ASSIGNMENT ::
Every record must be transcribed in its entirety, apart from the images, which are to be omitted.
• • • • • • •
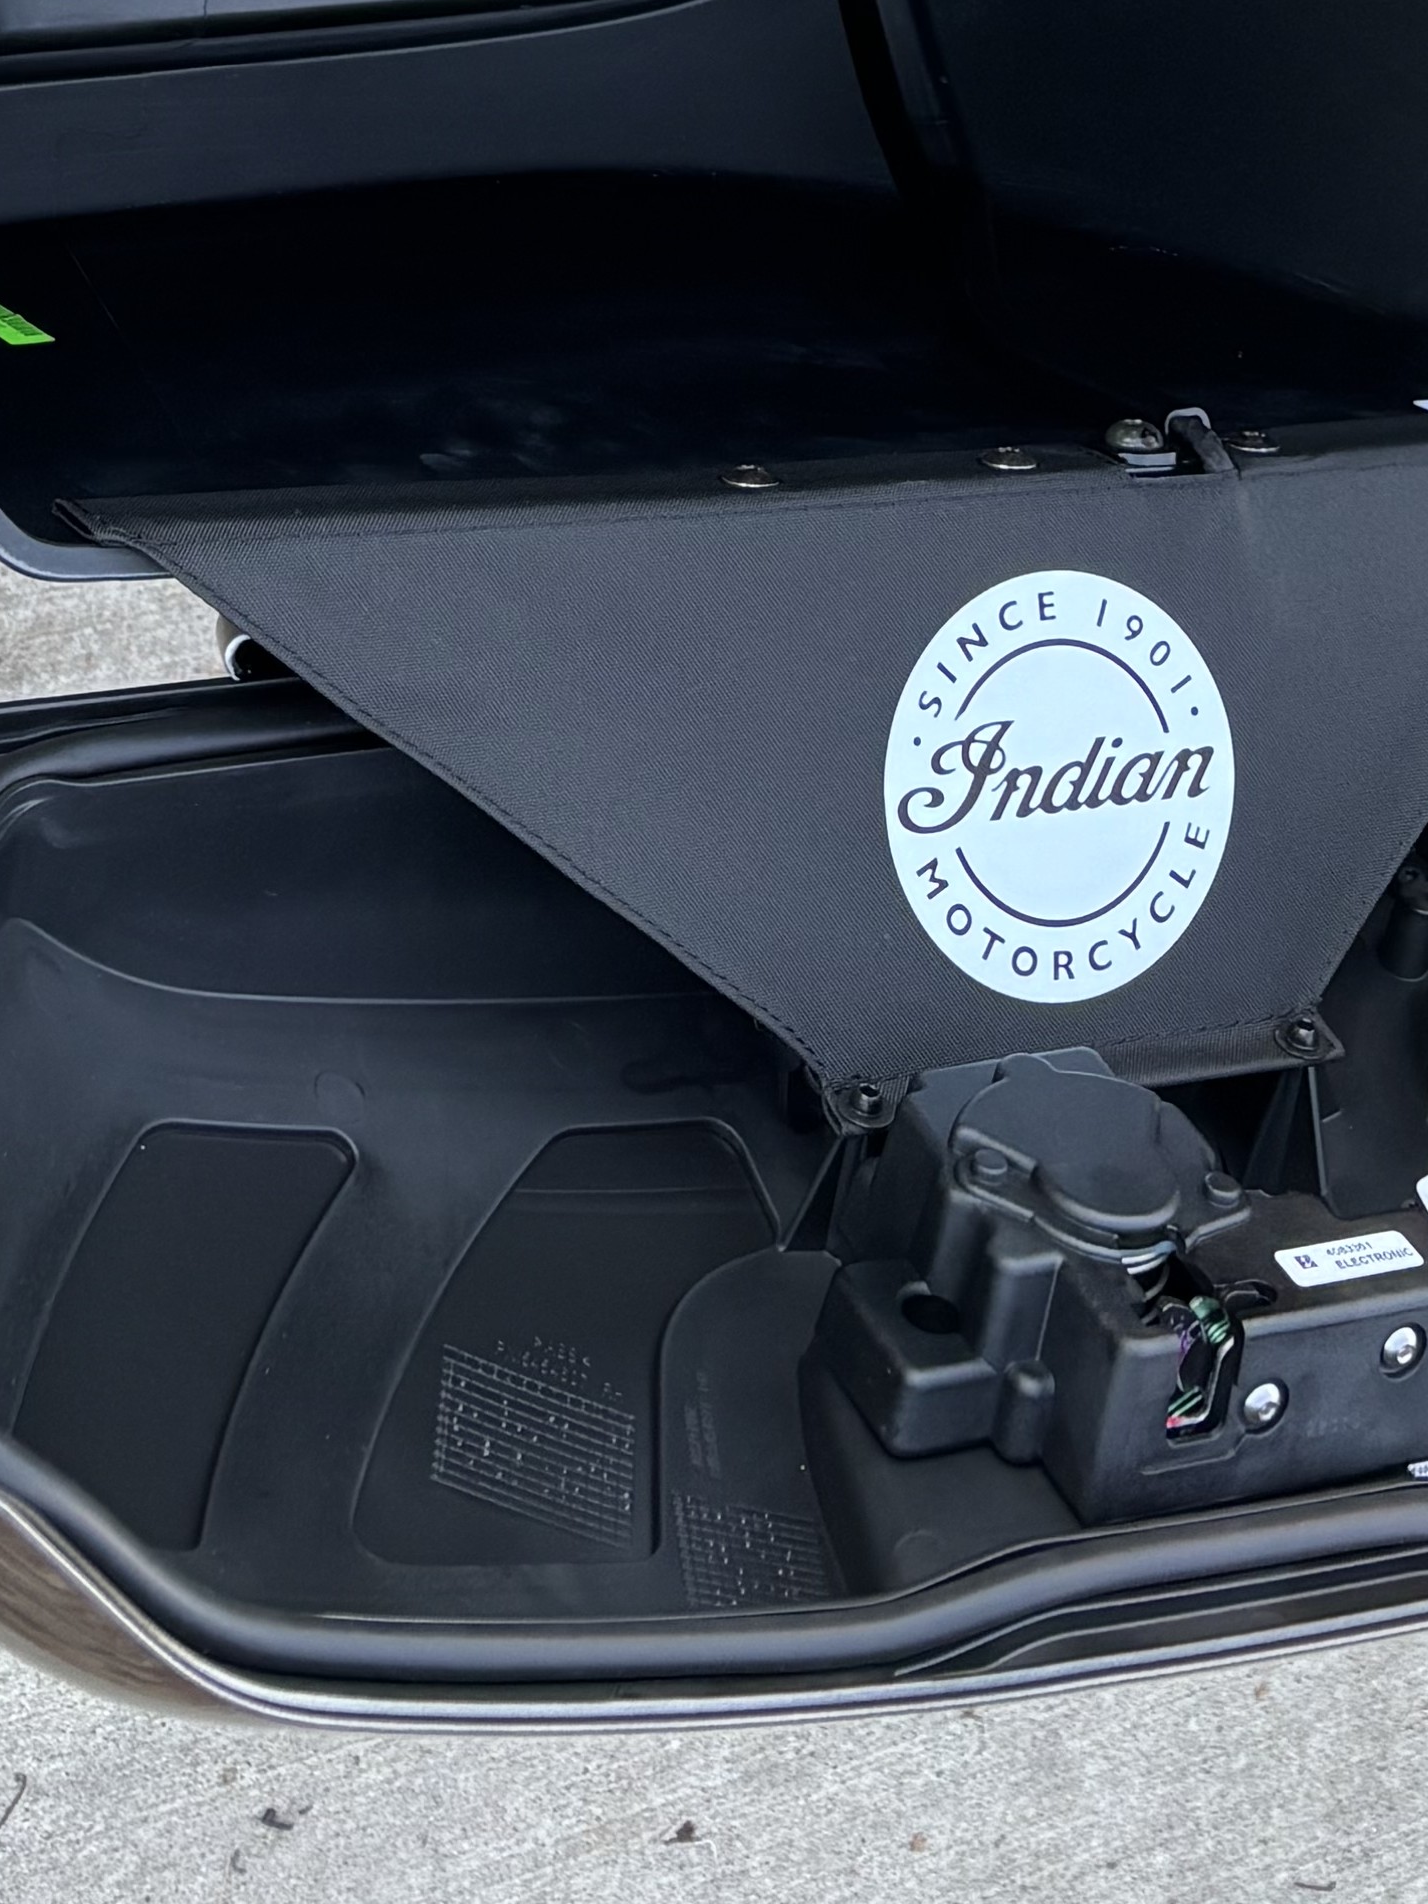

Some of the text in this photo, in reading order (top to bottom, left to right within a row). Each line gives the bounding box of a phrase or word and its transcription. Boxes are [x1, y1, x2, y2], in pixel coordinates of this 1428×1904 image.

[917, 590, 1192, 720] SINCE 1901
[897, 717, 1217, 837] Indian
[915, 820, 1213, 984] MOTORCYCLE
[1335, 1247, 1414, 1270] ELECTRONIC
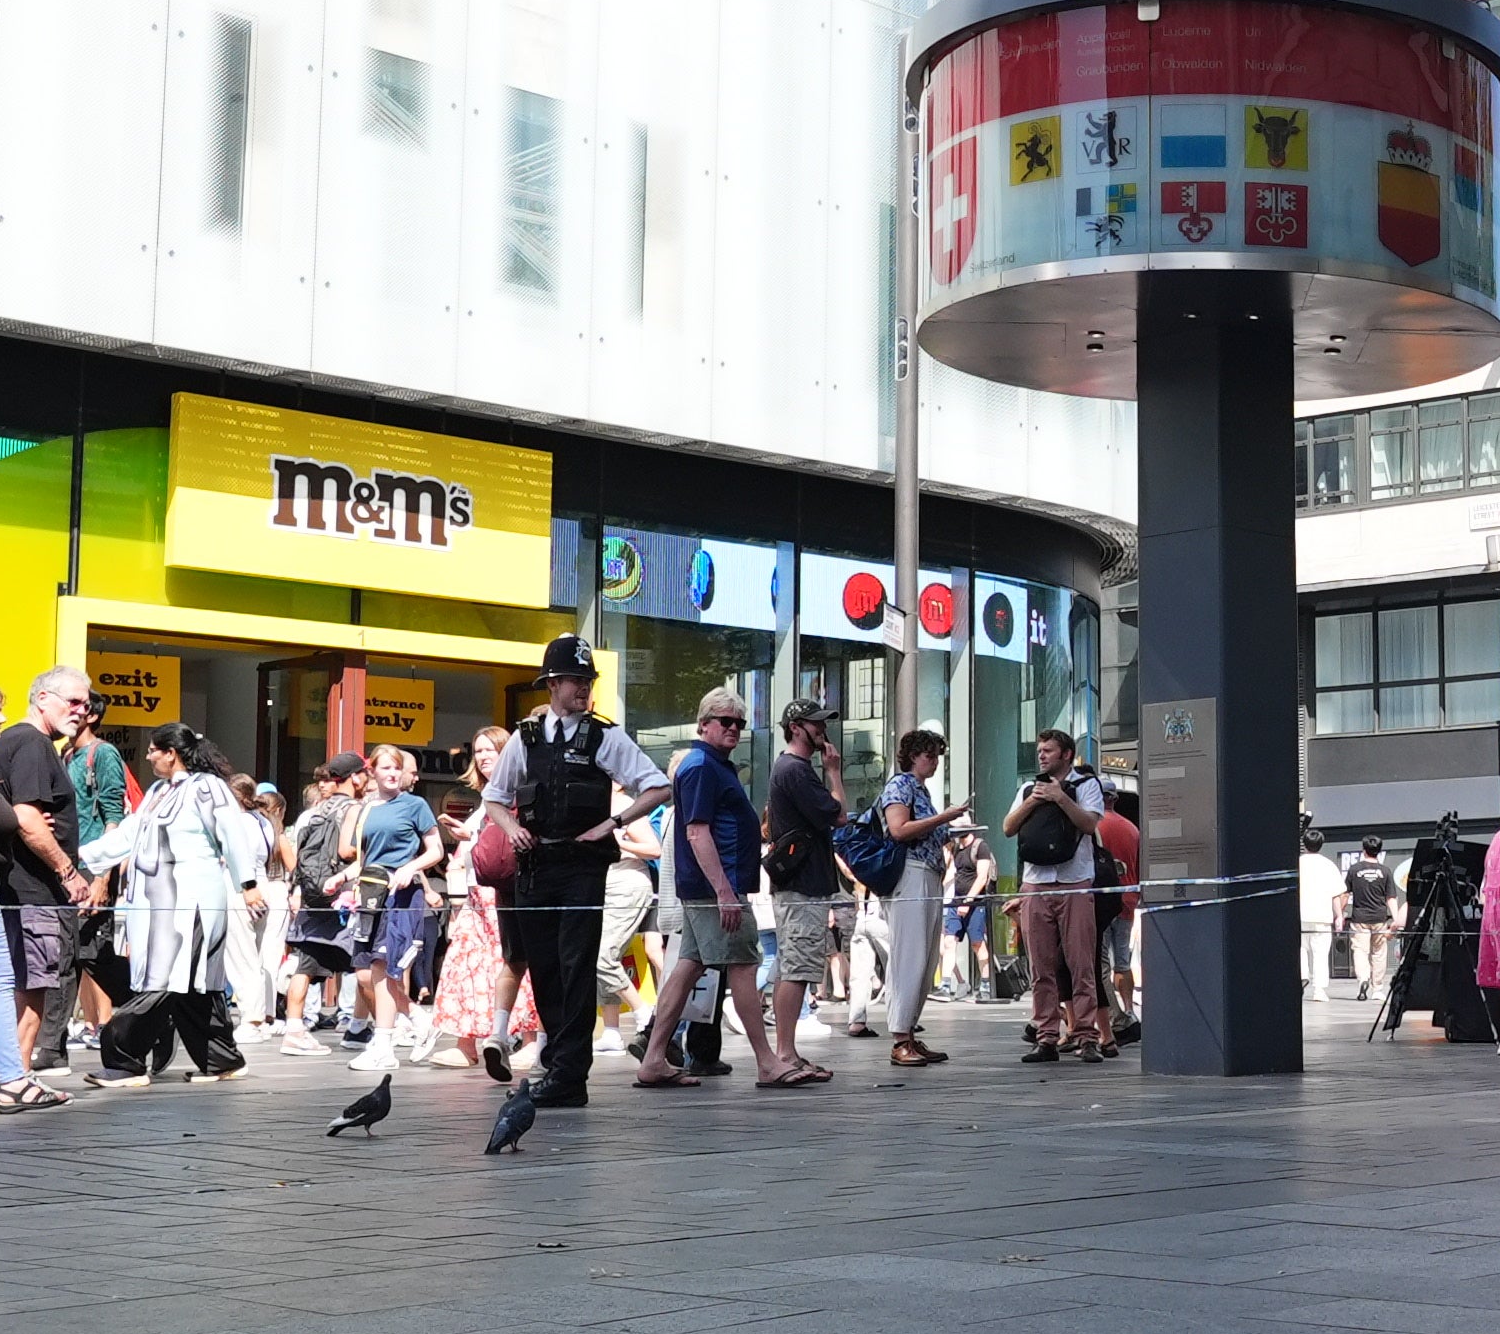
• • • • • • •
THE ANSWER ::
Some of the text in this photo, in reading order (top to bottom, left to right within a row). Each line gives the bounding box of a phrase or word and its transcription. Boxes are [x1, y1, x2, y2], in pixel coordinates of this 1428×1904 image.

[917, 590, 1192, 720] SINCE 1901
[897, 717, 1217, 837] Indian
[915, 820, 1213, 984] MOTORCYCLE
[1335, 1247, 1414, 1270] ELECTRONIC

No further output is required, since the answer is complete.